Инженер дружески взъерошил Сашину шевелюру.
Этот день был Сашин праздник. Однако в лучах радости гордыня не гибнет, но расцветает.
Лейбниц… Кто такой? И почему это так: о чем бы ни подумал и что бы ни сделал, непременно был или есть человек, который это же подумал или сделал до тебя? Неужели в жизни уже нет ничего, что можно увидеть первым? Даже Америка и та открыта была до Колумба. Эта мысль и потом тревожила его не раз. Но разве всякое новое не начинается с сомнений? Он стал сомневаться во всем. Дошло до того, что он подверг сомнению основы основ — аксиомы. Дважды два — четыре? Неизвестно. Это еще надо доказать.
Обнаружилось, что и на этом поприще у него есть великий предшественник — русский человек Николай Иванович Лобачевский. Но Лобачевский создал новую геометрию, а наш герой достиг лишь того, что у него стала образовываться усталость, как от бессмысленного бега по кругу.
Однажды был культпоход в театр, где он услышал такие слова: «Все только кажется. Мы не существуем. Это только кажется, что мы существуем. Но не все ли равно!» Играли что-то чеховское. Слова эти говорил какой-то врач — разучившийся, разуверившийся и, сверх того, пьяный. Актер играл хорошо. Публика очень смеялась.

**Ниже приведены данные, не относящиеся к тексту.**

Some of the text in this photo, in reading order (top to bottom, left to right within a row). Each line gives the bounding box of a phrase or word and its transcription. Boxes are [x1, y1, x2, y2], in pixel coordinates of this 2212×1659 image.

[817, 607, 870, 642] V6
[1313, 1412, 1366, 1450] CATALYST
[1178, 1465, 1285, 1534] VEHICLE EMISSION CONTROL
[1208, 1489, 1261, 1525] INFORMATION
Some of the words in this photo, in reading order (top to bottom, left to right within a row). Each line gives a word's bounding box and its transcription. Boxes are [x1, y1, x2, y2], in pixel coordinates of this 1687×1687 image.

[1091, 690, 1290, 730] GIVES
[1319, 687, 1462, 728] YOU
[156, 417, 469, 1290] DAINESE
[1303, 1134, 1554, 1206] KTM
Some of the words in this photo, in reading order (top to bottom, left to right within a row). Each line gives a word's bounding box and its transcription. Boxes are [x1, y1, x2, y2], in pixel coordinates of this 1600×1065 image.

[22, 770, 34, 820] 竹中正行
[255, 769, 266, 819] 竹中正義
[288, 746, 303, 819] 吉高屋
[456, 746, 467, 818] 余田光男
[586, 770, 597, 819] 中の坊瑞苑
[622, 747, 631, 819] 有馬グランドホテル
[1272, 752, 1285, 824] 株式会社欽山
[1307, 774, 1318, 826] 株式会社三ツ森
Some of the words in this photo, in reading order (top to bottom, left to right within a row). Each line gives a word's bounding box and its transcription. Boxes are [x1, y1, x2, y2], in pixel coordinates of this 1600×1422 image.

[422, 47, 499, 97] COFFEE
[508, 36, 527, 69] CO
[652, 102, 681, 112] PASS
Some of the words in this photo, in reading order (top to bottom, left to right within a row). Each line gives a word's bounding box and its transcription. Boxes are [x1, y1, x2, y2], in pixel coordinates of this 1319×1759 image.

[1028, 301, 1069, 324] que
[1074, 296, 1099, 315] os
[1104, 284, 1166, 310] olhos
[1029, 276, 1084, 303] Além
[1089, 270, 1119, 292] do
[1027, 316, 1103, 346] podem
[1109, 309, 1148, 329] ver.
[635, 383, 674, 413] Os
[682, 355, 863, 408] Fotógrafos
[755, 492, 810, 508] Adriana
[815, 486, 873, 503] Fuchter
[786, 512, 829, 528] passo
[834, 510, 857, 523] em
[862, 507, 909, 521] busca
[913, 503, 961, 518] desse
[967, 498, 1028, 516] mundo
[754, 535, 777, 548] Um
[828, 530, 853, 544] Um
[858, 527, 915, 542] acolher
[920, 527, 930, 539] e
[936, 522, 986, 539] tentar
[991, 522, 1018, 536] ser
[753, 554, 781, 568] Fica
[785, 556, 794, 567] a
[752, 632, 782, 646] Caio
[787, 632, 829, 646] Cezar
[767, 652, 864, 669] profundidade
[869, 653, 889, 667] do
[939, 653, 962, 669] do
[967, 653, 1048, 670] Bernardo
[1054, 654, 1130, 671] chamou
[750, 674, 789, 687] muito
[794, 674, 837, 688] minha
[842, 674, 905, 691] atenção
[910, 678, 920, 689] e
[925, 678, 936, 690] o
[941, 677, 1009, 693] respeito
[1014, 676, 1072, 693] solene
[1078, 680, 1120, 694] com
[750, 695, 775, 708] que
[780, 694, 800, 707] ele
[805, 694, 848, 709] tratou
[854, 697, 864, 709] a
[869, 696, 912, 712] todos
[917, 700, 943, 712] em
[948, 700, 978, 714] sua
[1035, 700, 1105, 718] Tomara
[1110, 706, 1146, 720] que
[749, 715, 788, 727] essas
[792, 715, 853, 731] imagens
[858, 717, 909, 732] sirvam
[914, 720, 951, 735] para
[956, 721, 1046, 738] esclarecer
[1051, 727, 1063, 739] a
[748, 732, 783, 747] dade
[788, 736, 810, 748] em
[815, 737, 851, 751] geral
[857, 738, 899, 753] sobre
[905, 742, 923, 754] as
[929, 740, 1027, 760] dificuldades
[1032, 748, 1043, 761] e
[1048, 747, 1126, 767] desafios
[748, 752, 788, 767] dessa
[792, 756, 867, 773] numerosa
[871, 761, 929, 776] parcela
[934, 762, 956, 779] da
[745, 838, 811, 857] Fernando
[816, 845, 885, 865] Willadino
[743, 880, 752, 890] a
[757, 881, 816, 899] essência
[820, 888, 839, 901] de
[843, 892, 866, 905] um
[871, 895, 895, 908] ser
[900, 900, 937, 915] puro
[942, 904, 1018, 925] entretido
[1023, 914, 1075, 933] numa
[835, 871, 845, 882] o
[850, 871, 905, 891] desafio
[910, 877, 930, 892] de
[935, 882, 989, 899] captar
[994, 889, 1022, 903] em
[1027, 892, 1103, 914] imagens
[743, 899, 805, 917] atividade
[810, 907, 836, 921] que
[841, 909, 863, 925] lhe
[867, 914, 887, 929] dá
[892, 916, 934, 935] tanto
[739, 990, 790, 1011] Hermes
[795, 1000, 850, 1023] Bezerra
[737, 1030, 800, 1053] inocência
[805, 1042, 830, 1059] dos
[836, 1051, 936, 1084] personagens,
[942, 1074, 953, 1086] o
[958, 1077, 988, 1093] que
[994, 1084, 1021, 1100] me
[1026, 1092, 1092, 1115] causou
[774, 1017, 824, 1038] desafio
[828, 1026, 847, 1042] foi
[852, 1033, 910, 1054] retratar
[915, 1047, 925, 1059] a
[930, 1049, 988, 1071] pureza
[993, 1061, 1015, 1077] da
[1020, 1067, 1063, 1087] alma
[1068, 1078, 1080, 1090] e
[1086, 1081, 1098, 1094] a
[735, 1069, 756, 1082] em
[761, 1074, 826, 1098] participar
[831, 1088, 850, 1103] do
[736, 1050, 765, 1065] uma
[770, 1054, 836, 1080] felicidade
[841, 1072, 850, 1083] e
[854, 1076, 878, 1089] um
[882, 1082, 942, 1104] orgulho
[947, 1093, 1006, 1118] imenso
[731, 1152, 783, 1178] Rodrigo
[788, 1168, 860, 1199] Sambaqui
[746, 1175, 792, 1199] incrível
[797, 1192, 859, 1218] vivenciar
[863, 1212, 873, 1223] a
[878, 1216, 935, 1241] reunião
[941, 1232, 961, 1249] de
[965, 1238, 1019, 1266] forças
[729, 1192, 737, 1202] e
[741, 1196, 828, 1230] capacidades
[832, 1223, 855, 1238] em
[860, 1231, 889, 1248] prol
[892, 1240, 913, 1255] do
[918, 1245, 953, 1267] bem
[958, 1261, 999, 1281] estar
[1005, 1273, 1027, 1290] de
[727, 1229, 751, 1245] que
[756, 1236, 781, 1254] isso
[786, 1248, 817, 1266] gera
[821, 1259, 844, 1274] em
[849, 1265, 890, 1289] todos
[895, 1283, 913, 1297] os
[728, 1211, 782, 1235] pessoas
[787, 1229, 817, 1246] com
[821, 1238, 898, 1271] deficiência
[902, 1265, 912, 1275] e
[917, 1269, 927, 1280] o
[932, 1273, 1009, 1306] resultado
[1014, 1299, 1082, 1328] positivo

Сашу эти слова обожгли. Он перестал следить за пьесой. Потом он ушел.
Он ходил по улицам до вечера. «Нет улиц, нет людей, ничего нет, — лихорадочно думал он. — Все только кажется». В этой мысли была сладострастная жуть, как в ходьбе над пропастью. Не существует ничего. Все только кажется мне. Это же так увлекательно! Правда, здесь таилась какая-то нелепость. Но наш философ не спешил эту мысль покидать. Разве не безумие предположить, что параллельные линии пересекаются? А между тем они пересекаются в бесконечности. Почему бы в таком случае не предположить и что угодно другое?
Помнится, было сыро и холодно. Еще не совсем стемнело, но зажглись фонари. Свет дня был уже слаб, свет ночи был еще робок. Вместе это создавало чувство неустойчивости, неустроенности и какого-то тайного беспокойства. Саша прислонился плечом к столбу и стал ждать автобуса. Он продрог на ветру, устал и был голодный. Автобус все не шел.
У тротуара остановилось такси. Саша видел, как женщина с заднего сиденья подала деньги. Она подала их как бы не шоферу, а куда-то в пространство. Шофер же, со своей стороны, тоже принял плату, не взглянув на пассажира. Женщина, выйдя, хлопнула дверцей. Она слабо хлопнула, дверца не закрылась. Женщина видела это, но все же не потрудилась повторить усилие — до того безразличен был ей таксист и машина, на которой она ехала. Это же испытывал и шофер. Ему высочайше начхать было на всех пассажиров, которых он возил изо дня в день, а заодно и на машину. Ведь машина принадлежит не ему. Он тронулся и поехал дальше. Так с громыхавшей дверцей он и скрылся.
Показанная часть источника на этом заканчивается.